“The title of the album, in fact, indicates that music comes from a same direction: straight from my heart, because home is where the heart is”
A relationship with fellow musician Clifford Price (better known as Goldie) caused controversy for the singer, an American fan, offended by her dalliance with a black man, taped himself creating an acid bomb and sent it to her house before shooting himself in front of the camera. While the bomb, thankfully, never reached Bjork, she became extremely depressed and fled to Spain where she recorded her next album. The result, entitled Homogenic, was released in September 1997 and featured emotional, dark songs possessing sounds that had never been explored. So off the beaten path was the record that it failed to enjoy the commercial success that her last two efforts had. But it was her most personal record to-date.

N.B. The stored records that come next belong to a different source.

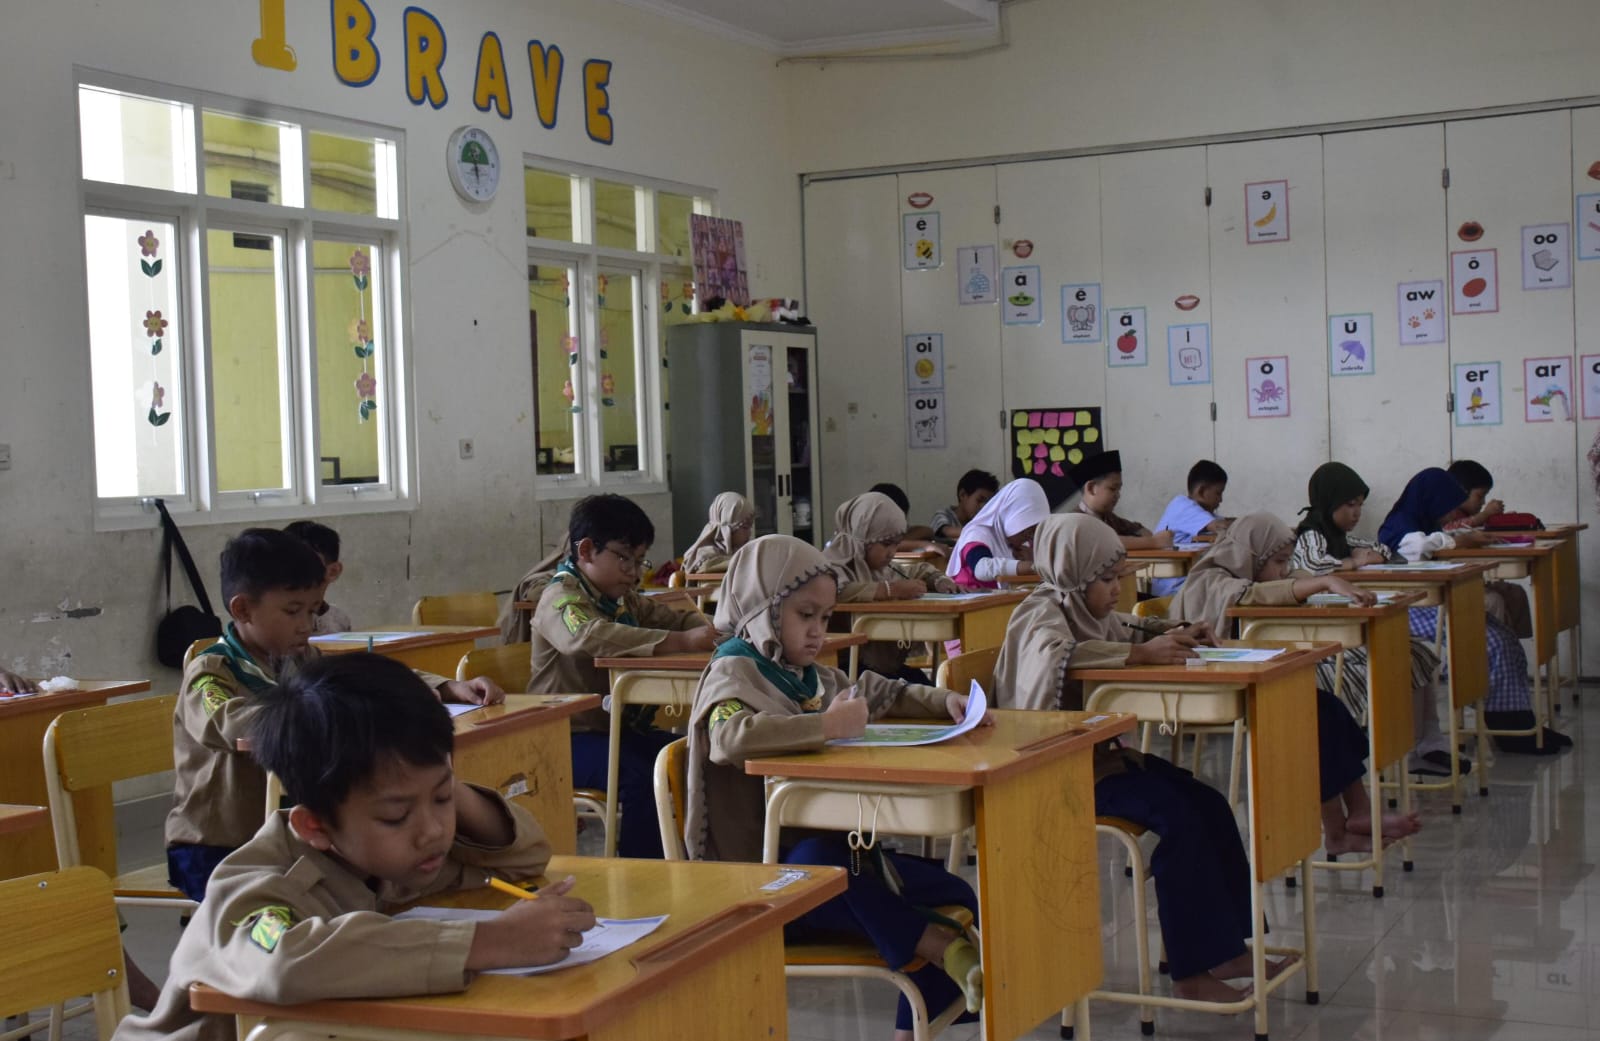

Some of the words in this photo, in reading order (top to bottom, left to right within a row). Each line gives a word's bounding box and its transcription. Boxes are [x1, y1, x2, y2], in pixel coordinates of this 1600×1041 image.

[330, 0, 613, 146] BRAVE
[1533, 233, 1558, 245] oo
[1406, 290, 1435, 302] aw
[916, 336, 932, 353] oi
[1465, 369, 1489, 382] er
[1535, 364, 1562, 378] ar
[915, 398, 937, 410] ou

The album was Björk’s first attempt to bridge the world of electronic music with more organic elements (including orchestral score and unusual applications of the human voice), and she approached Alexander McQueen to try to capture the album’s icy, otherworldly cool vibe in a cover image.“When I went to Alexander McQueen, I explained to him the person who wrote these songs — someone who was put into an impossible situation, so impossible that she had to become a warrior,” Bjork told the Chicago Sun-Times in 1998.“A warrior who had to fight not with weapons, but with love.”
Though the cover appears to be a straight illustration, Bjork actually posed for the image, photographed by Nick Knight. “I had 10 kilos of hair on my head, and special contact lenses and a manicure that prevented me from eating with my fingers, and gaffer tape around my waist and high clogs so I couldn’t walk easily,” she said. “I wanted to put all the emotion of the album into that image.”
Björk’s vocals on Homogenic range from primitive sounding screams to a traditional singing method used by Icelandic choir men, a combination of speaking and singing as illustrated in the song Unravel. Björk wanted Homogenic to have a conceptual focus on her native Iceland. In an interview for Oor, Björk explained that “in Iceland, everything revolves around nature, 24 hours a day. Earthquakes, snowstorms, rain, ice, volcanic eruptions, geysers… Very elementary and uncontrollable. But at the other hand, Iceland is incredibly modern; everything is hi-tech. The number of people owning a computer is as high as nowhere else in the world. That contradiction is also on Homogenic. The electronic beats are the rhythm, the heartbeat. The violins create the old-fashioned atmosphere, the colouring.”